• WHAT IS REQUIRED: Keep the images out while you set down the data exactly.

Free-text object descriptions:
---------------

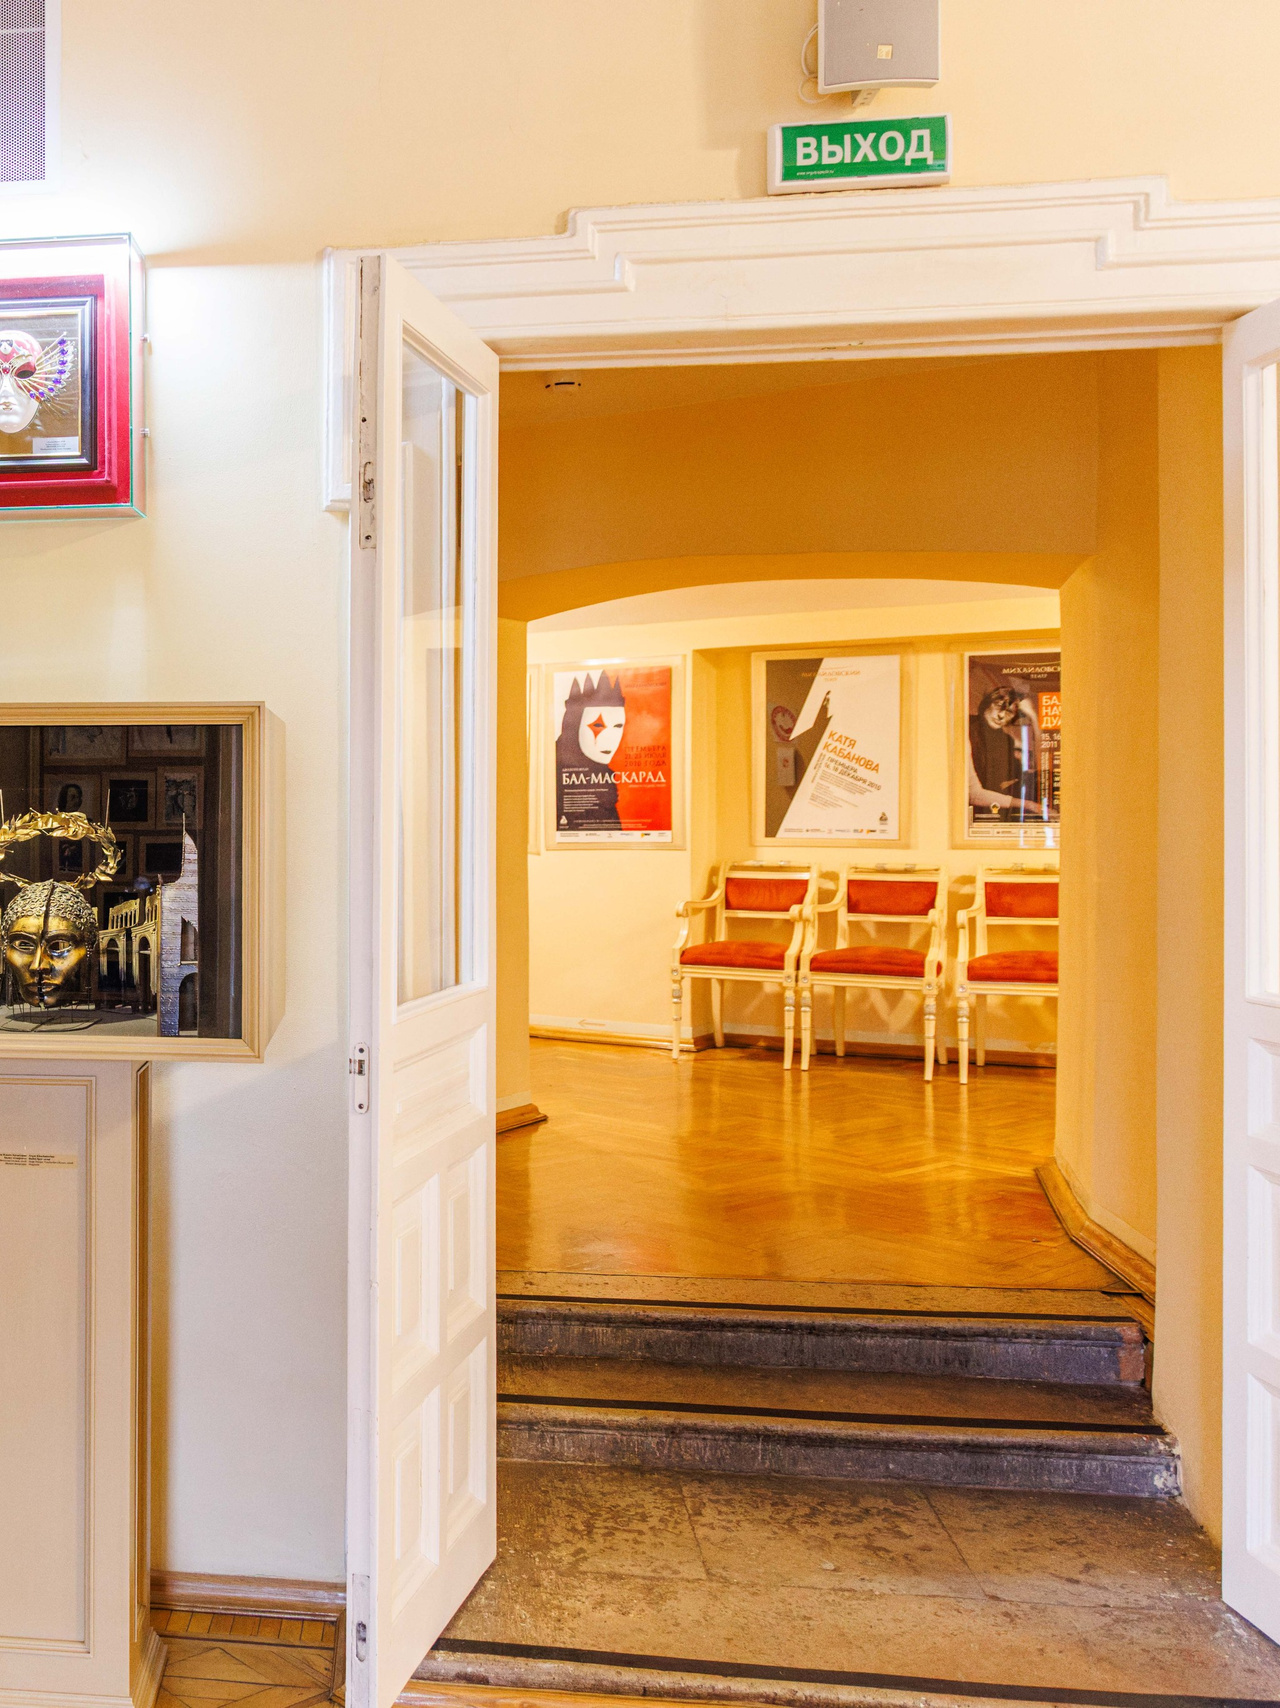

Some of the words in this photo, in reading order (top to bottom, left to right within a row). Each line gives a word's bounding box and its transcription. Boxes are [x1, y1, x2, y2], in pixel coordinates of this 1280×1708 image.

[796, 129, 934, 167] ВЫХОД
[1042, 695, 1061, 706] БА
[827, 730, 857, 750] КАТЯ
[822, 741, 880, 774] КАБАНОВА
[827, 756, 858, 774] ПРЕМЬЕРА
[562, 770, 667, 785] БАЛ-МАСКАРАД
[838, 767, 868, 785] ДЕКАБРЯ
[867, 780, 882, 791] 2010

---------------

• EXERCISE ANSWER:
Some of the words in this photo, in reading order (top to bottom, left to right within a row). Each line gives a word's bounding box and its transcription. Boxes are [x1, y1, x2, y2], in pixel coordinates of this 1280×1708 image.

[796, 129, 934, 167] ВЫХОД
[1042, 695, 1061, 706] БА
[827, 730, 857, 750] КАТЯ
[822, 741, 880, 774] КАБАНОВА
[827, 756, 858, 774] ПРЕМЬЕРА
[562, 770, 667, 785] БАЛ-МАСКАРАД
[838, 767, 868, 785] ДЕКАБРЯ
[867, 780, 882, 791] 2010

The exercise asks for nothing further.